Stored items from a collection:
_ _ _ _
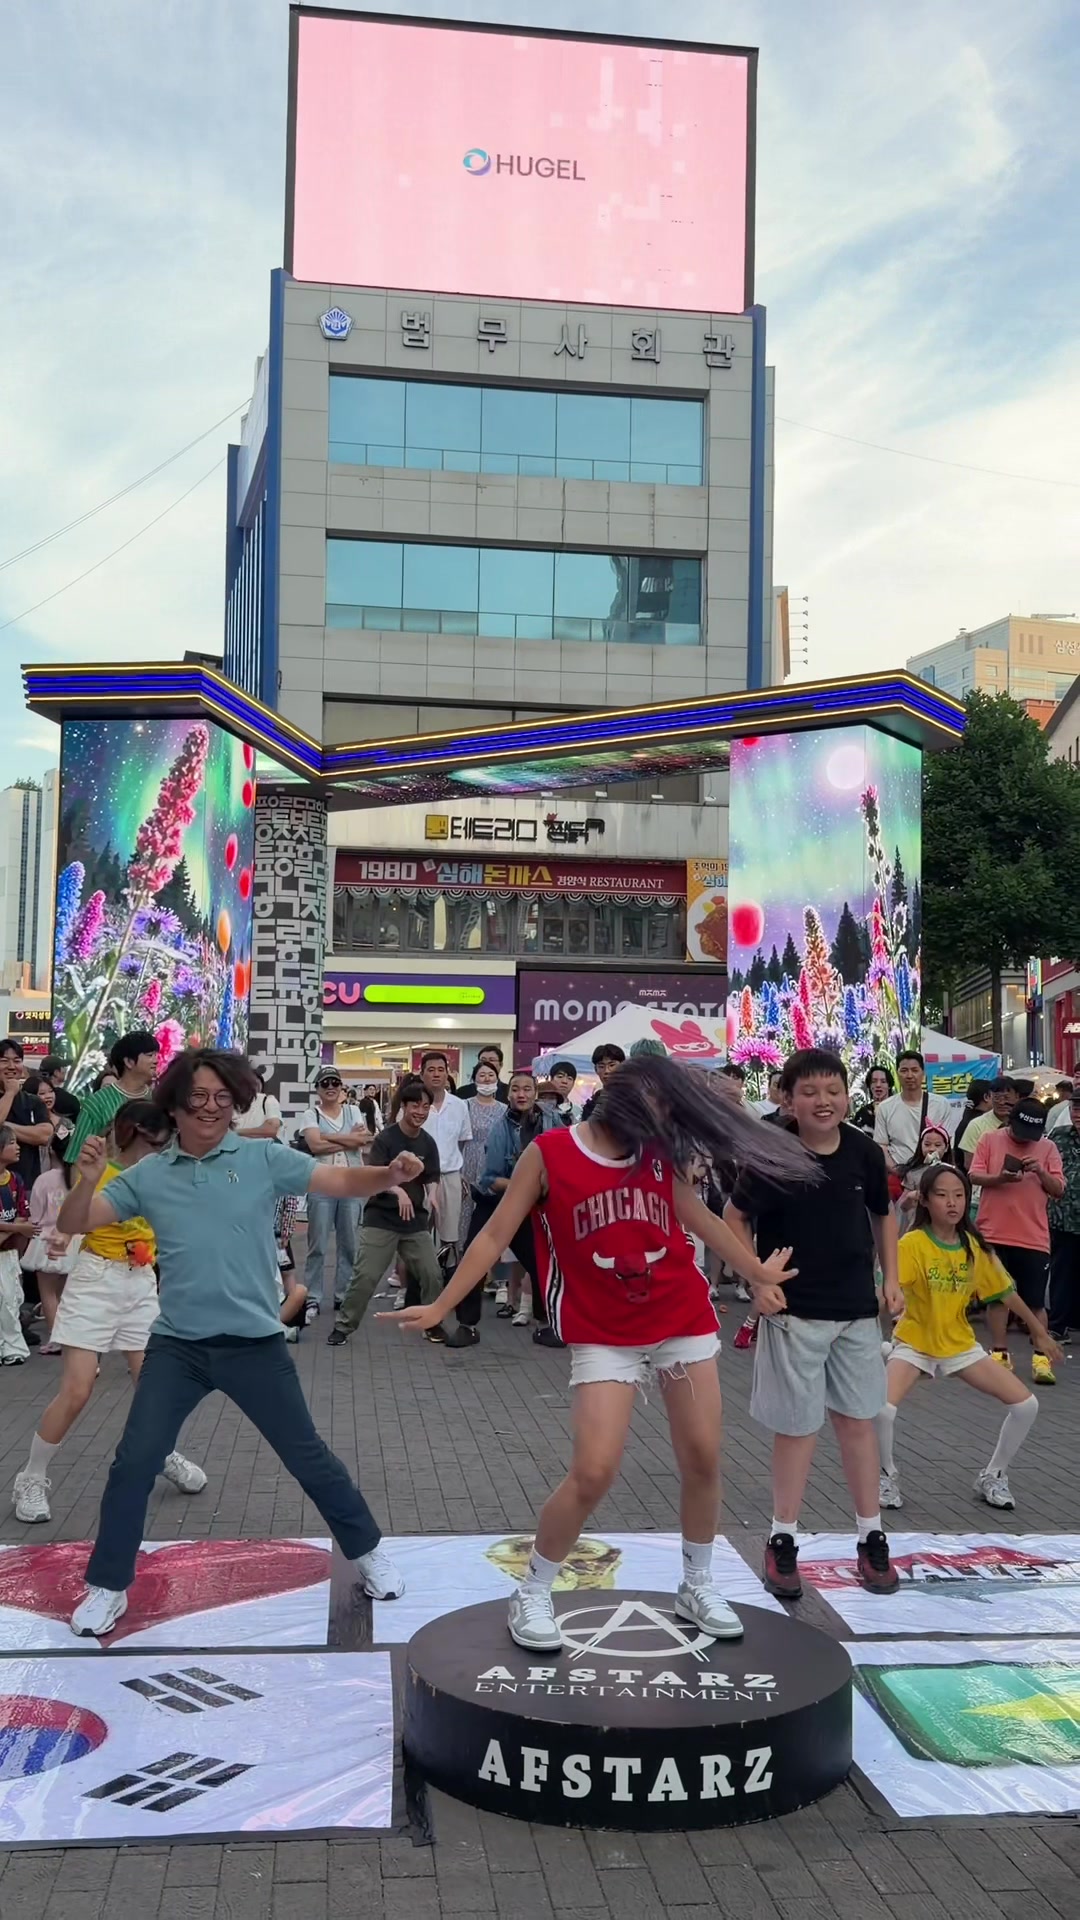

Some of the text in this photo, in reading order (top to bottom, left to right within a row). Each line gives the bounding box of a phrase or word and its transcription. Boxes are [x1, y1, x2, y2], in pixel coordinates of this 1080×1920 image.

[496, 154, 586, 182] HUGEL
[401, 310, 735, 369] 법무사회관
[359, 860, 417, 881] 1980
[436, 862, 552, 886] 심해돈까스
[589, 876, 664, 889] RESTAURANT
[323, 981, 361, 1005] CU
[573, 1187, 670, 1240] CHICAGO
[477, 1665, 777, 1688] AFSTARZ
[475, 1682, 779, 1702] ENTERTAINMENT
[478, 1738, 773, 1802] AFSTARZ
_ _ _ _
> **Task requirements**:
Write out all of the data above exactly, pictures excluded.

> **Solution for this exercise**:
Some of the text in this photo, in reading order (top to bottom, left to right within a row). Each line gives the bounding box of a phrase or word and its transcription. Boxes are [x1, y1, x2, y2], in pixel coordinates of this 1080×1920 image.

[496, 154, 586, 182] HUGEL
[401, 310, 735, 369] 법무사회관
[359, 860, 417, 881] 1980
[436, 862, 552, 886] 심해돈까스
[589, 876, 664, 889] RESTAURANT
[323, 981, 361, 1005] CU
[573, 1187, 670, 1240] CHICAGO
[477, 1665, 777, 1688] AFSTARZ
[475, 1682, 779, 1702] ENTERTAINMENT
[478, 1738, 773, 1802] AFSTARZ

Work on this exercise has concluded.